---- Record extracts
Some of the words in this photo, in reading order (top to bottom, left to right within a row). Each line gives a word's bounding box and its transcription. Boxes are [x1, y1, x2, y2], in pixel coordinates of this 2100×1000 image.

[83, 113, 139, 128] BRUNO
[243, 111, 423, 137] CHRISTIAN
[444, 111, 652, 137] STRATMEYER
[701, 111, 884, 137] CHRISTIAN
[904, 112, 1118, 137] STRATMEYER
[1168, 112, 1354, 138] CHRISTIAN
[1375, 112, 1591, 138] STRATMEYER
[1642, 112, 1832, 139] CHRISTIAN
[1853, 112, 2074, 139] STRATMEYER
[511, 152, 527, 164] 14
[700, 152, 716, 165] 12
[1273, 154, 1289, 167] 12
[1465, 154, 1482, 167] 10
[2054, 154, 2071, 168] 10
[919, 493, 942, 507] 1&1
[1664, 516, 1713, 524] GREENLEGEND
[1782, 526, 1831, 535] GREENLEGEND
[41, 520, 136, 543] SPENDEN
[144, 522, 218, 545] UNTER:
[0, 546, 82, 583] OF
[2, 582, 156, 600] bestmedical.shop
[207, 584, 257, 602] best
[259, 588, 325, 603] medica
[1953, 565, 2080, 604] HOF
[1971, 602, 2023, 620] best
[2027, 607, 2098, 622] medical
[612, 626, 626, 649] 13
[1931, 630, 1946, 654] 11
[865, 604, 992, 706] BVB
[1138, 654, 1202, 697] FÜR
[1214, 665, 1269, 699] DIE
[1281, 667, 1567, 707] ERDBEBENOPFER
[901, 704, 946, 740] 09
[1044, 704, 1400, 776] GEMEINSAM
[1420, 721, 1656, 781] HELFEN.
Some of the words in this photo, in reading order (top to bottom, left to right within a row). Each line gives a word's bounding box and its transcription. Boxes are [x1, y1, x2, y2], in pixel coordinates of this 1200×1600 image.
--------
Take the entries above and transcribe them exactly as they stand.

**Result**.
Some of the words in this photo, in reading order (top to bottom, left to right within a row). Each line gives a word's bounding box and its transcription. Boxes are [x1, y1, x2, y2], in pixel coordinates of this 2100×1000 image.

[83, 113, 139, 128] BRUNO
[243, 111, 423, 137] CHRISTIAN
[444, 111, 652, 137] STRATMEYER
[701, 111, 884, 137] CHRISTIAN
[904, 112, 1118, 137] STRATMEYER
[1168, 112, 1354, 138] CHRISTIAN
[1375, 112, 1591, 138] STRATMEYER
[1642, 112, 1832, 139] CHRISTIAN
[1853, 112, 2074, 139] STRATMEYER
[511, 152, 527, 164] 14
[700, 152, 716, 165] 12
[1273, 154, 1289, 167] 12
[1465, 154, 1482, 167] 10
[2054, 154, 2071, 168] 10
[919, 493, 942, 507] 1&1
[1664, 516, 1713, 524] GREENLEGEND
[1782, 526, 1831, 535] GREENLEGEND
[41, 520, 136, 543] SPENDEN
[144, 522, 218, 545] UNTER:
[0, 546, 82, 583] OF
[2, 582, 156, 600] bestmedical.shop
[207, 584, 257, 602] best
[259, 588, 325, 603] medica
[1953, 565, 2080, 604] HOF
[1971, 602, 2023, 620] best
[2027, 607, 2098, 622] medical
[612, 626, 626, 649] 13
[1931, 630, 1946, 654] 11
[865, 604, 992, 706] BVB
[1138, 654, 1202, 697] FÜR
[1214, 665, 1269, 699] DIE
[1281, 667, 1567, 707] ERDBEBENOPFER
[901, 704, 946, 740] 09
[1044, 704, 1400, 776] GEMEINSAM
[1420, 721, 1656, 781] HELFEN.
Some of the words in this photo, in reading order (top to bottom, left to right within a row). Each line gives a word's bounding box and its transcription. Boxes are [x1, y1, x2, y2], in pixel coordinates of this 1200×1600 image.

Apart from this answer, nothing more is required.